Though I haven’t yet adopted any sous-vide cooking devices, or even a true vacuum sealer (my cheapo variety Seal-a meal present couldn’t last the 6 years since I’d gotten it, and is now made up of a vacuum device not held together by brittle, broken plastic parts), but I do recommend the “sous-vide” (cooking, in a water bath, at the ultimate temperature you want the product to obtain) technique in many cases, especially salmon. I find 50 C to be the perfect temperature. I came upon this after reading an aside in Thomas Keller’s Under pressure that “salmon cooked to 120 F (48.9 C) tends to be moist and slightly tacky), wheras salmon cooked to 123 F (50.6 C) is  slightly firmer and no longer tacky.” So much like Barbara Lee, my congresswoman, 50 C works for me.

Raw Pacific Salmon

50 C Salmon:

    1. Heat a large pot of water to 50 C (122 F), or if you have a sous-vide water bath, set the temp on that. This is near the temperature of hot tap water.
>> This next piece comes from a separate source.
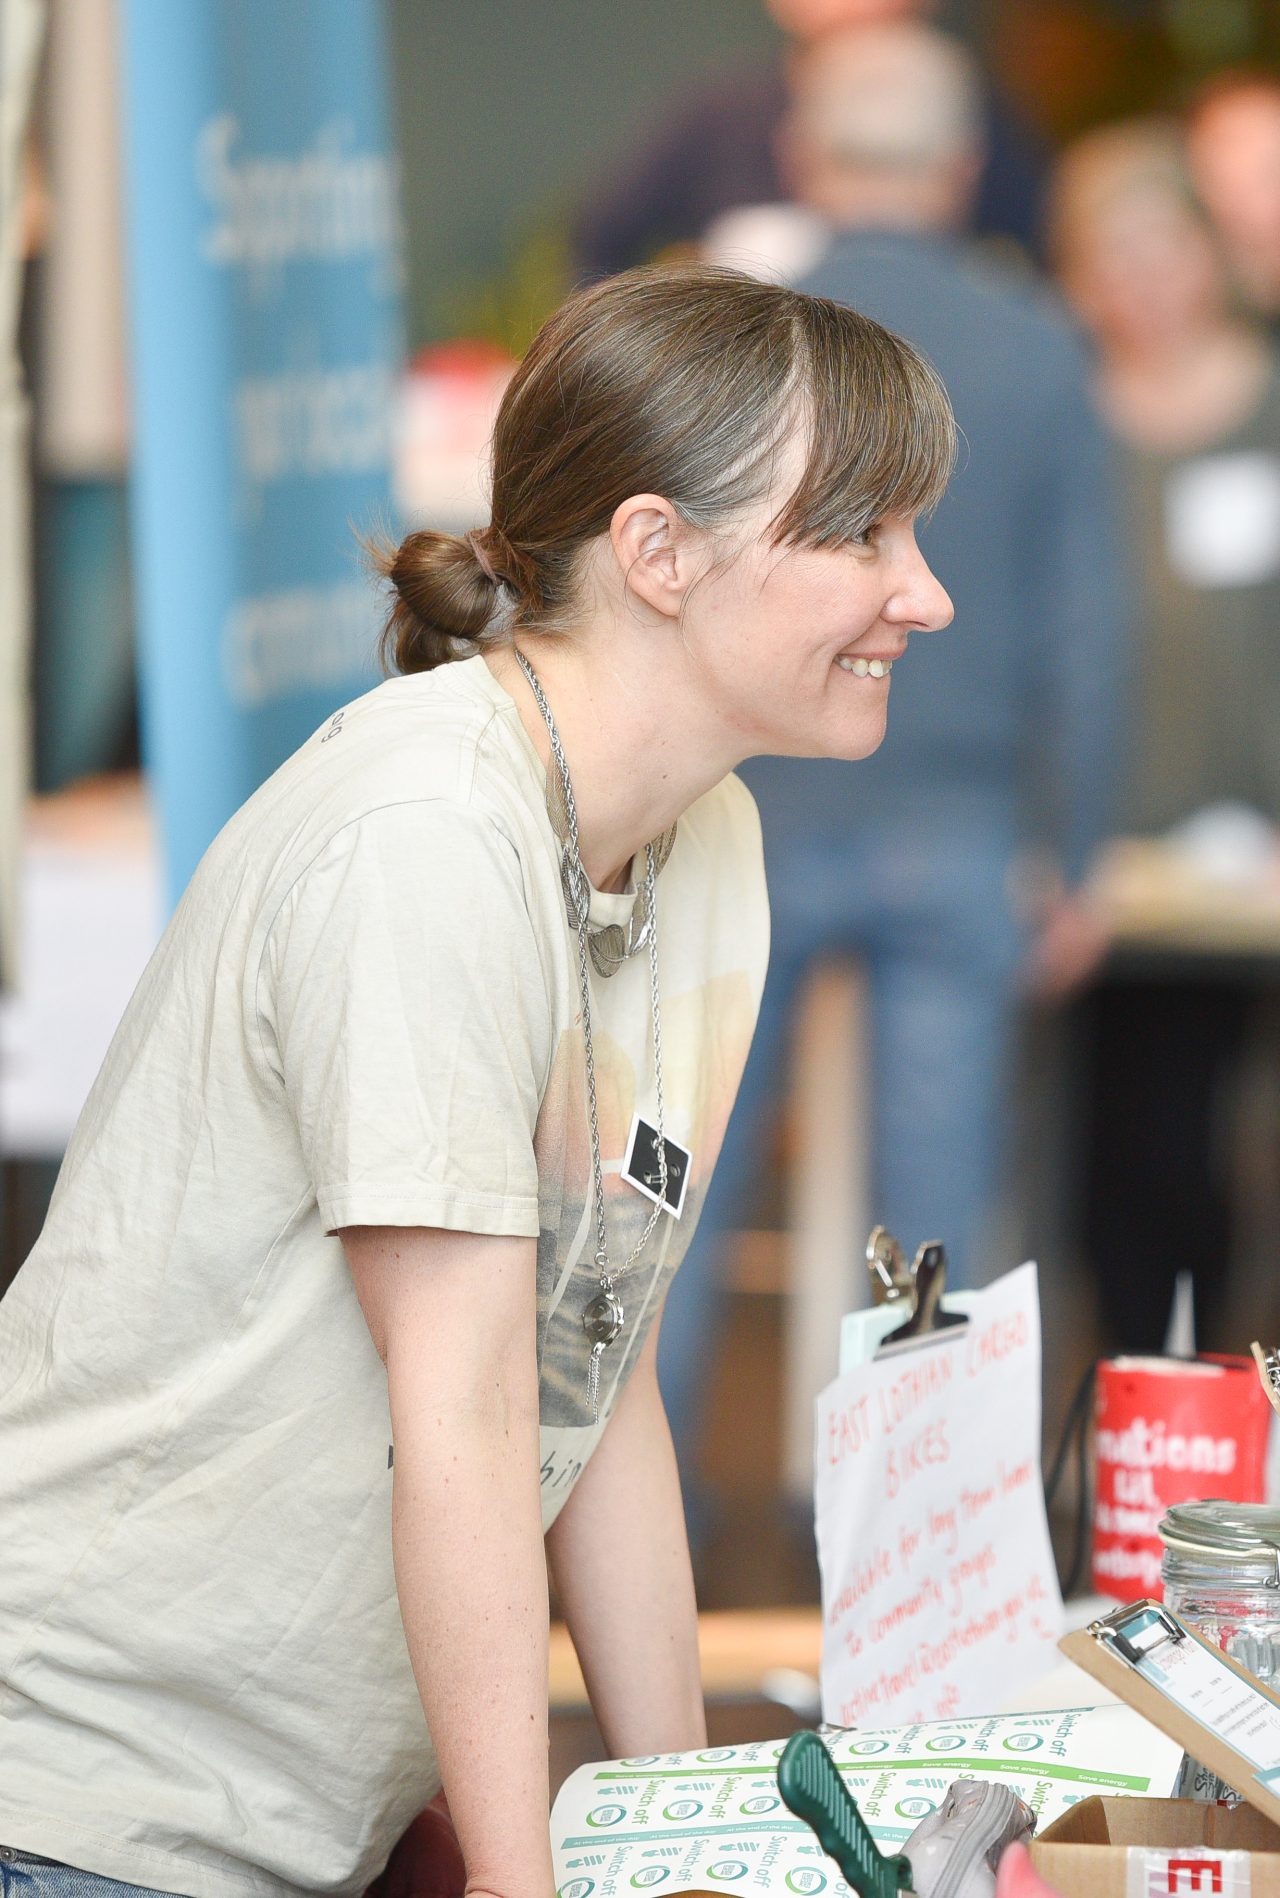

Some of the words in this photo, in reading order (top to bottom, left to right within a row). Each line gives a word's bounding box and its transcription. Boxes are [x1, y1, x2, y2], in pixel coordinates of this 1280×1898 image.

Also, bring a couple cups of water to a boil in case adjustments of waterbath temperature are needed.
    2. Make enough 5% brine to cover salmon. For 1 liter, add 3/4 cup table salt to 1 L cool tap water.
    3. Place salmon in 5% brine for 10 minutes. This helps season the salmon and reduces the amount of albumin (white goo) on the surface of the cooked salmon.
    4. Lightly pepper the surface of the salmon. Feel free to add other herbs at this stage, but start with small quantities, as they tend to taste more concentrated than they would with other cooking methods.
    5. Add olive oil and salmon to a Ziploc or other sealable bag. Squeeze out air and seal.
    6. Place bagged salmon in water bath. Swirl and check temperature. Add boiled water if necessary to bring temperature back up to 50 C.
    7. Set timer for 15 minutes. Check on water temperature occasionally, adding more hot water to keep temp at 50 C.
    8. Remove at 15 minutes and serve, or refrigerate without opening for use in future recipes.

Salmon cooked to 50 C.

Springtime Salad:

    1. Bring potatoes to a boil in heavily salted water. Boil for 20-25 minutes or until tender.
    2. Blanch snow peas. I do so by placing them in a strainer and placing it over the boiling potatoes for 1.5-2 minutes. I like them fairly crisp.
    3. Chop scallions thinly. I use the bottom half and save the rest of the green parts for another recipe. I don’t mean just the white portion–I like a mix of crunchiness and herbiness for this salad.
    4. Chop dill and parsley (or other herbs) finely. Tail and cut snow peas into 1cm lengths or so.
    5. Combine scallions, herbs, snow peas, olive oil, and salmon in large bowl and mix to combine. 50 C salmon will break up while mixing, so no need to work too hard flaking it, though very firmly cooked salmon may need to be flaked. In any case, make sure you remove any remaining bones before mixing. Remove skin if still present.
    6. Cut fingerling potatoes into slices while still warm–a serrated knife works best.
    7. Add potatoes to bowl, season with salt and pepper, and mix.
    8. Add the juice of one lemon, remix, and taste for salt and pepper. I like to add plenty of each. You can also adjust the amount of herbs, olive oil, and lemon at this point.
    9. Serve in lettuce cups, or atop chopped lettuce.